Long Marcus J C, Poganik Jesse R, Ghosh Souradyuti, Aye Yimon
Department of Chemistry & Chemical Biology, Cornell University , Ithaca, New York 14850, United States.
Department of Biochemistry, Weill Cornell Medicine , New York, New York 10065, United States.
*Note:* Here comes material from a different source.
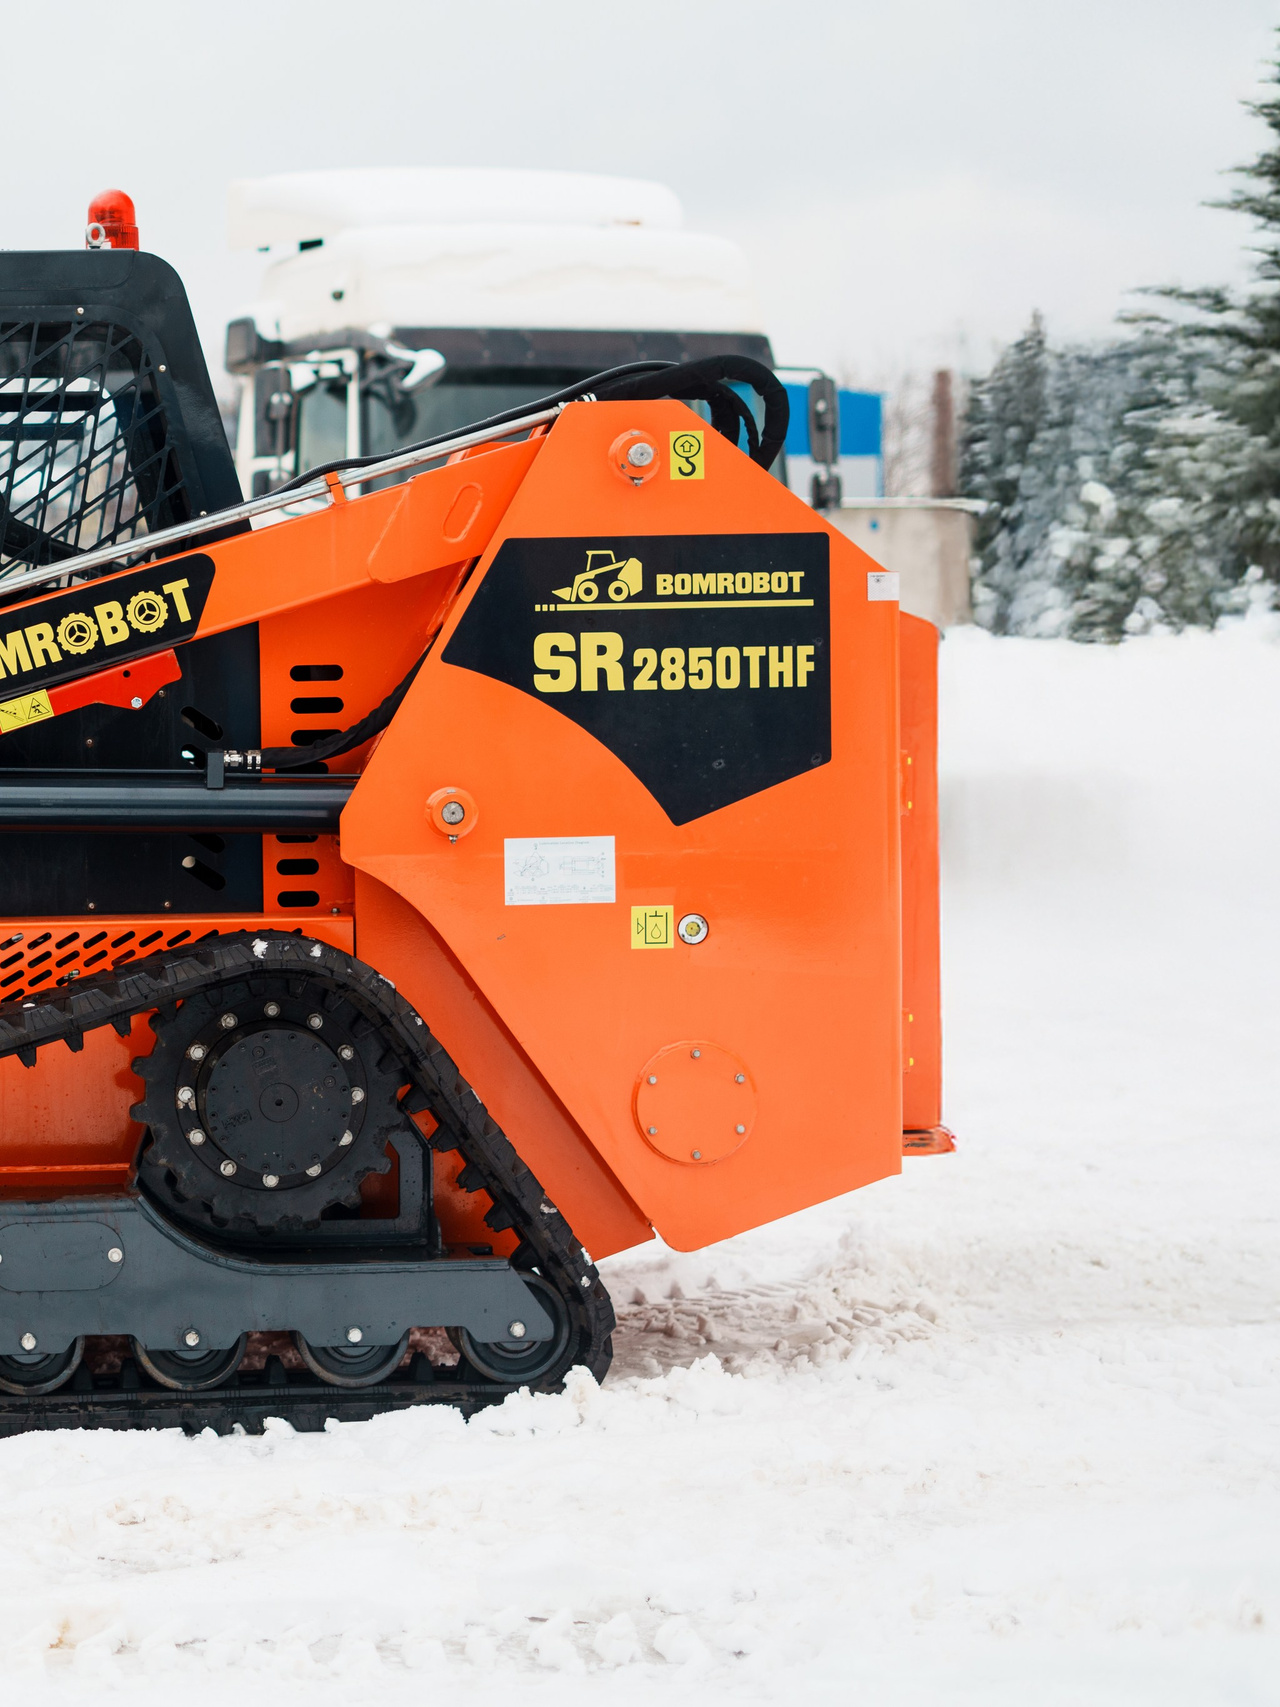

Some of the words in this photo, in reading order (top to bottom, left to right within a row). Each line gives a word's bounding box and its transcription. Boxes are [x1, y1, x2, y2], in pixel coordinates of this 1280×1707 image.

[656, 571, 805, 596] BOMROBOT
[533, 631, 626, 692] SR
[633, 645, 815, 691] 2850THF
ACS Chem Biol. 2017 Mar 17;12(3):586-600. doi: 10.1021/acschembio.6b01148. Epub 2017 Jan 30.
Networks of redox sensor proteins within discrete microdomains regulate the flow of redox signaling. Yet, the inherent reactivity of redox signals complicates the study of specific redox events and pathways by traditional methods. Herein, we review designer chemistries capable of measuring flux and/or mimicking subcellular redox signaling at the cellular and organismal level. Such efforts have begun to decipher the logic underlying organelle-, site-, and target-specific redox signaling in vitro and in vivo. These data highlight chemical biology as a perfect gateway to interrogate how nature choreographs subcellular redox chemistry to drive precision redox biology.
离散微区内的氧化还原传感器蛋白网络调节着氧化还原信号的传递。然而,氧化还原信号的固有反应活性使得用传统方法研究特定的氧化还原事件和途径变得复杂。在此,我们综述了能够在细胞和生物体水平上测量通量和/或模拟亚细胞氧化还原信号的设计化学方法。这些努力已开始在体外和体内解读细胞器、位点和靶点特异性氧化还原信号背后的逻辑。这些数据凸显了化学生物学作为探究自然如何编排亚细胞氧化还原化学以驱动精准氧化还原生物学的理想途径。